The location is isolated, and the main access is a country lane running south-west of Swaffham, looping north-west to join the A1122 east of Fincham. The core of the village itself is south of this lane, around a rectangular village green, with the church of St Mary at the west end and a pub at the east end. The former post office is just beyond the church, at 24–25.

The village includes the deer park of Beachamwell Hall. The mansion was rebuilt in 1906 after a fire, but the original 18th-century stables, ice-house and ha-ha survive.

To the east of the village is the hamlet of Shingham, which used to be a separate parish and which retains its own church building, St Botolph's. The hamlet of Drymere is strung along the road to Swaffham. It was created for forestry workers when the Warren was afforested. According to the 2011 census the village had a population then of 339, including Shingham.

==History==
The parish has been the source of a rich collection of archaeological finds, mostly obtained by fieldwalking or metal-detecting.
The light, easily worked soil was attractive to Neolithic farmers, and large numbers of worked flints have been recovered. A possible cursus exists just south-west of the All Saints church ruin.

A small menhir of uncertain date, called the Cowell Stone, marks the meeting point of the parishes of Beachamwell, Swaffham and Narborough. It has been moved a short distance from its original location, on a track leading north of the A1122 to Narford, and is no longer upright.

Numbers of Bronze Age artifacts have also been found, notably a copper alloy hammer near Lodge Farm. There are at least nine round barrows in the parish, and two of these are noted on the Ordnance Survey: South-east of Shingham, and at Hangour Hill on the A1122. The latter location had at least one other barrow, and could have been a cemetery. Iron Age pottery has been found in fieldwalking, also a possible chariot linchpin near the Roman road mentioned below.

===Roman period===
The A1122 to the east of Fincham follows the course of a Roman road that connected the Fen Causeway with Venta Icenorum (the present Caistor St Edmund), and ran through Beachamwell Warren. Roman-era finds have been rich, but no remains of Roman buildings have been identified. A trove of four pewter dishes were found during ploughing at Shingham Farm to the west of Shingham Wood in 1968, and a very unusual T-shaped brooch decorated with red enamel in the same general area in 1995. Two coin hoards were found in the 19th century. A site near the village called Decoy Close revealed a Roman cemetery with five burials, and also a rich assemblage of finds from the Neolithic through all eras into the Mediaeval.

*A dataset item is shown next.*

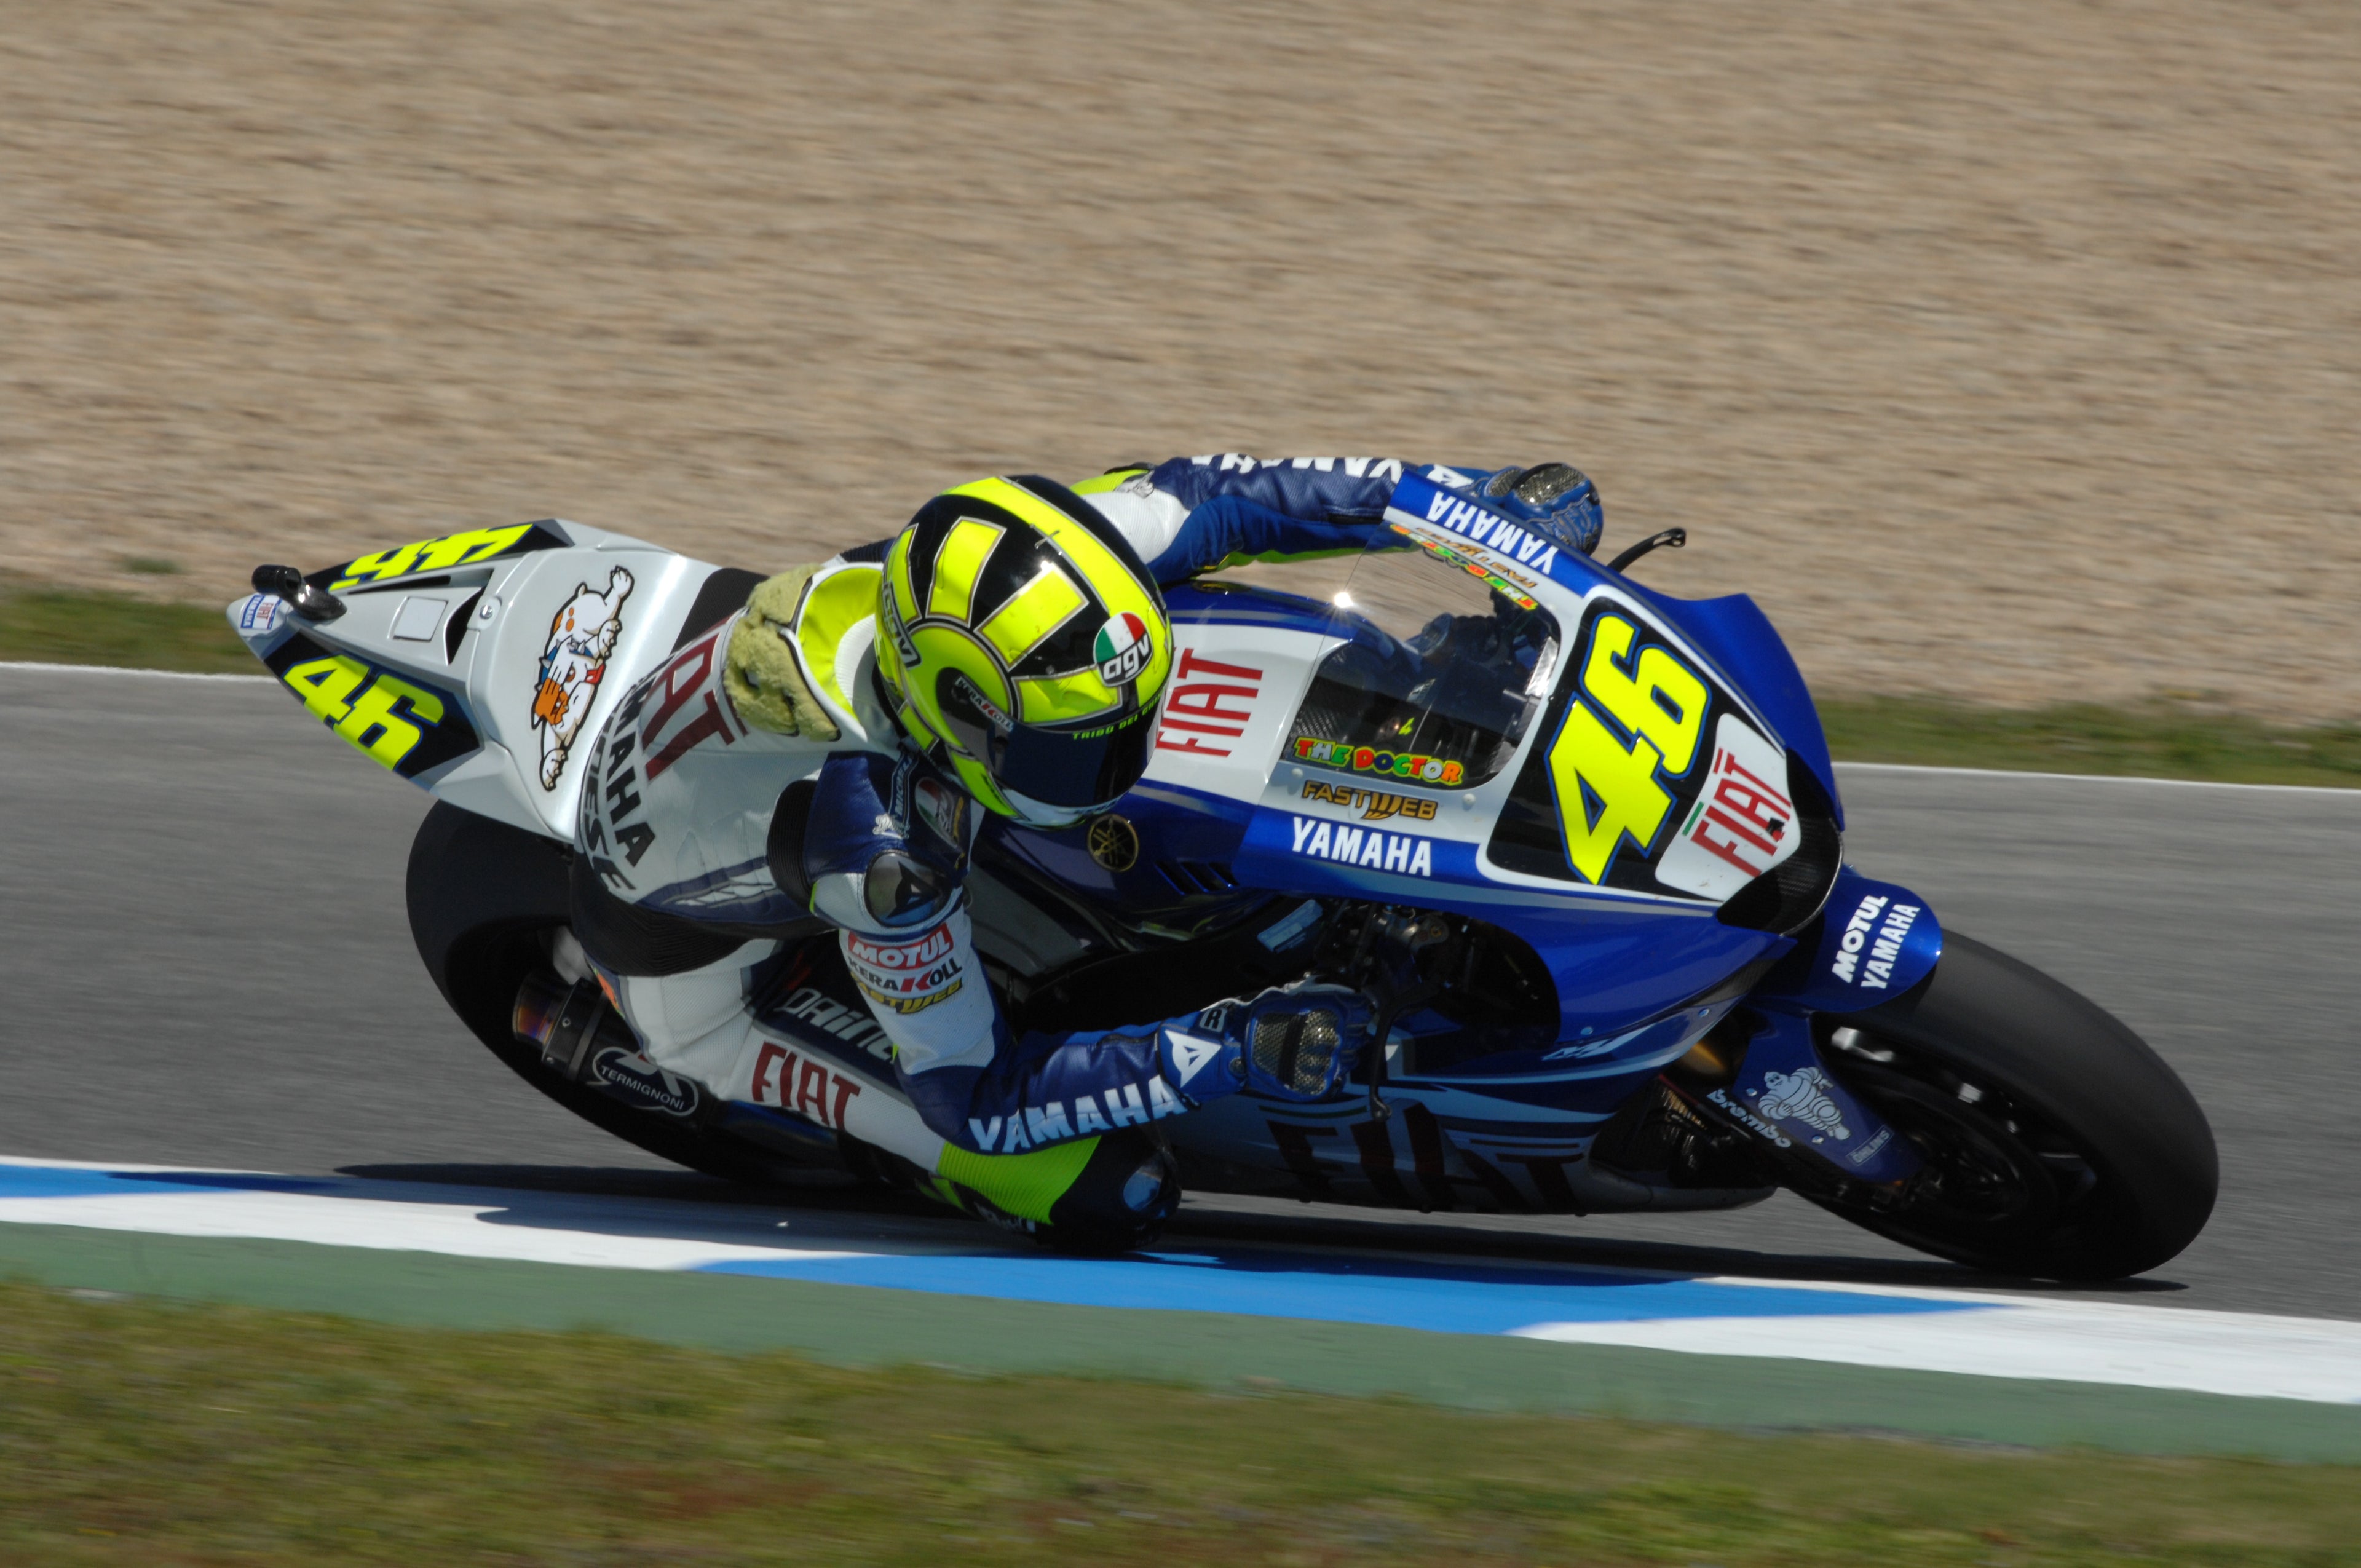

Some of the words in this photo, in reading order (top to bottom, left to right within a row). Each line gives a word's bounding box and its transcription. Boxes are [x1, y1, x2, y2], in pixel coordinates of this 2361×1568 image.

===Saxon and medieval development===
The Devil's Dyke is a linear bank and ditch running in an almost straight line from Narborough to near Oxborough, parallel to the western boundary of the parish, and this is postulated as an early Saxon boundary marker. The date is not conclusive, however. The “Decoy Close” site mentioned above is postulated as an early Saxon burial ground owing to the richness of the metalwork finds here, but no burials have been found yet.

The church of St Mary is described as originally late Saxon, although the listed building description does not commit as to whether any of the surviving fabric is of this date.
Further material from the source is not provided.